2. The method according to claim 1, wherein the encapsulated oil is
selected from the group consisting of oil powder, oil flakes, and
oil cream.
3. The method according to claim 1, wherein the other ingredients
comprise fat, water, and flour.
4. The method according to claim 3, wherein the other ingredients
comprise egg, a leavening agent, and sugar.
5. The method according to claim 1, wherein the oil is a food grade
oil obtained from plants or animals.
6. The method according to claim 5, wherein the oil is selected
from the group consisting of olive oil, safflower oil, sunflower
oil, fish oil, soy bean oil, soy oil, palm kernel oil, palm oil,
coconut oil, hazelnut oil, flaxseed oil, rapeseed oil, primrose
oil, linseed oil, corn oil, algae oil, cottonseed oil, essential
oils, and combinations thereof.
7. The method according to claim 1, wherein the protein is selected
from the group consisting of whey protein, caseinate, egg albumen,
lyzozyme, soy proteins, gluten, rice proteins, corn proteins,
potato proteins, pea proteins, any kind of globular or random coil
proteins, and combinations thereof.
8. The method according to claim 1, wherein the protein comprises a
food-grade salt selected from the group comprising sodium citrate,
magnesium citrate, potassium citrate, calcium, phosphate, and
combinations thereof.
9. The method according to claim 1, wherein the oil contains at
least one liposoluble compound selected from the group consisting
of plant polyphenols, plant sterols, carotenoids, fatty acids,
vitamins, aromas, antioxidants, and active ingredients.

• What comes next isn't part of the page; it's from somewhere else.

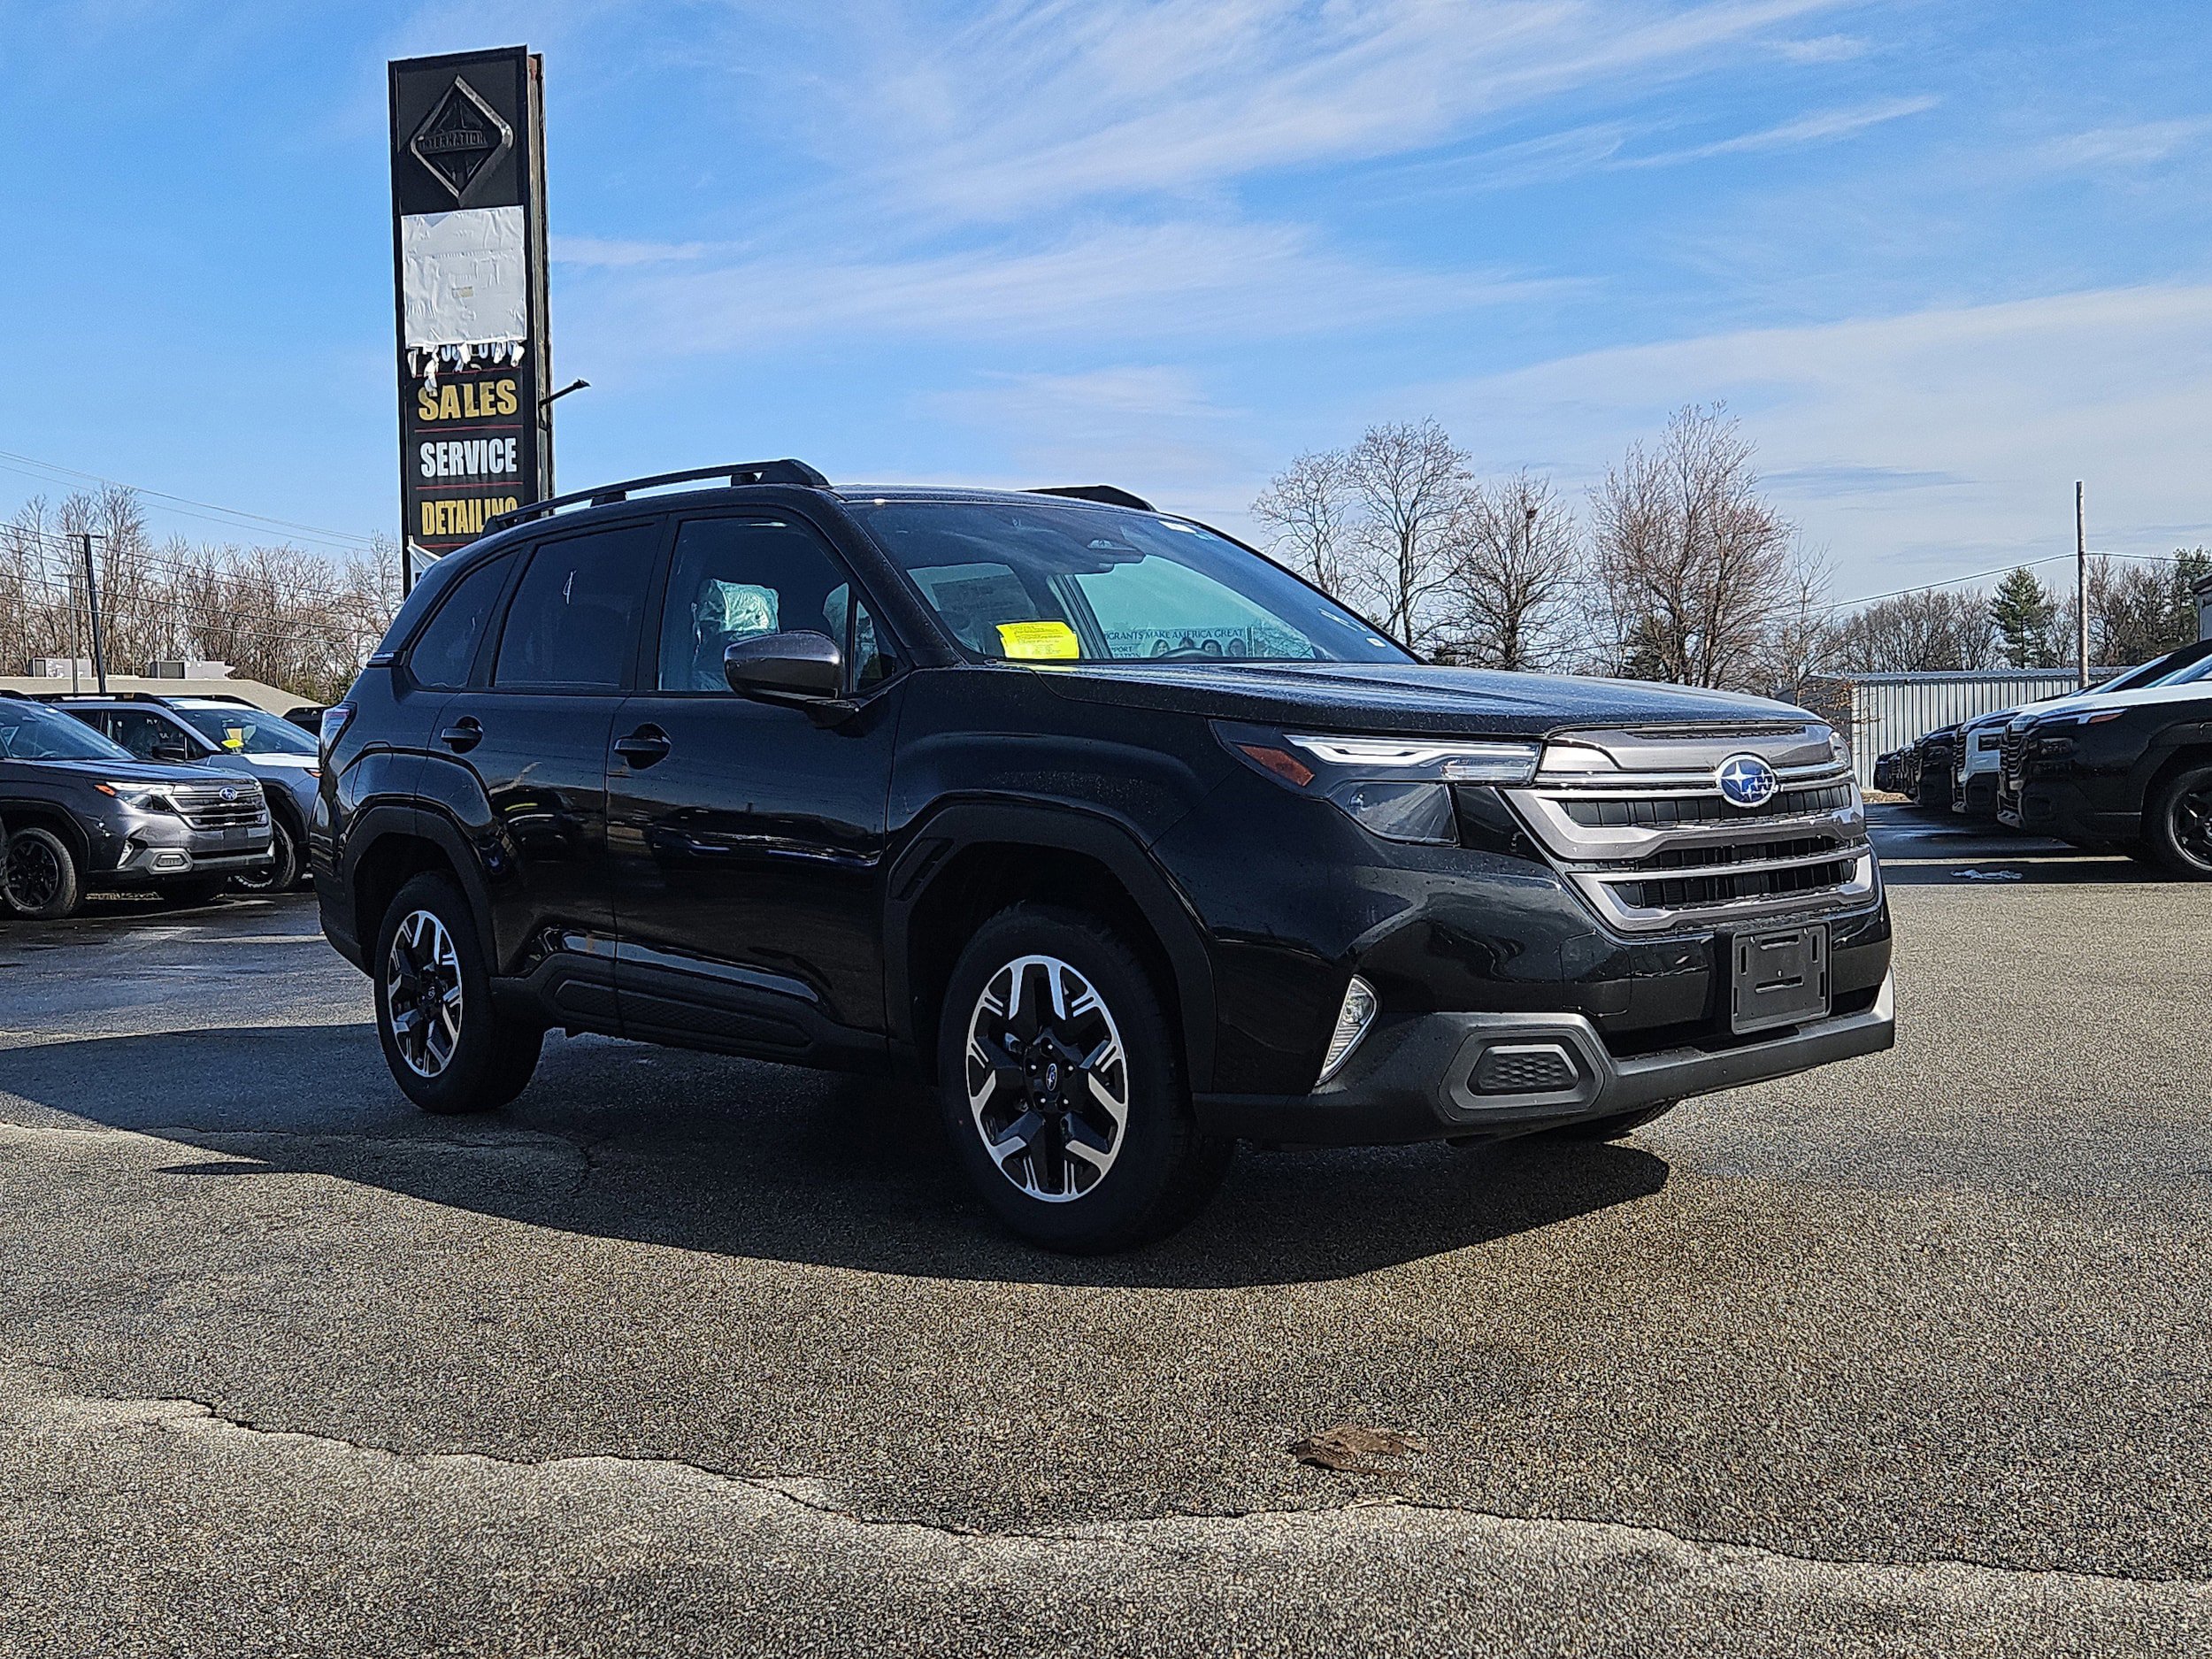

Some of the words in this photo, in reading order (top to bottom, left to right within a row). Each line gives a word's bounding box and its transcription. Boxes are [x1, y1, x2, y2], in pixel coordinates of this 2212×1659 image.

10. The method according to claim 1, wherein the encapsulated oil
capsules have an average size in the range of about 0.1-100
.mu.m.
11. A dough comprising: 0.5 to 40% of an encapsulated oil
comprising an inner core of oil encapsulated in an outer shell of
cross-linked protein, wherein the encapsulated oil comprises at
least 80% by weight oil; 0.5 and 40% fat; 4.5 and 35% water; and 30
and 65% flour.
12. A dough according to claim 11, wherein the encapsulated oil is
in a form selected from the group consisting of oil powder, oil
flakes, and oil cream.
13. A dough according to claim 11, wherein the dough is selected
from the group consisting of cookie dough, pie dough, croissant
dough, puff pastry dough, wafer dough, loaf dough, biscuit dough,
and pizza dough.
14. A baked product which has been prepared using a dough
comprising 0.5 to 40% of an encapsulated oil comprising an inner
core of oil encapsulated in an outer shell of cross-linked protein,
wherein the encapsulated oil comprises at least 80% by weight oil,
0.5 and 40% fat, 4.5 and 35% water, and 30 and 65% flour.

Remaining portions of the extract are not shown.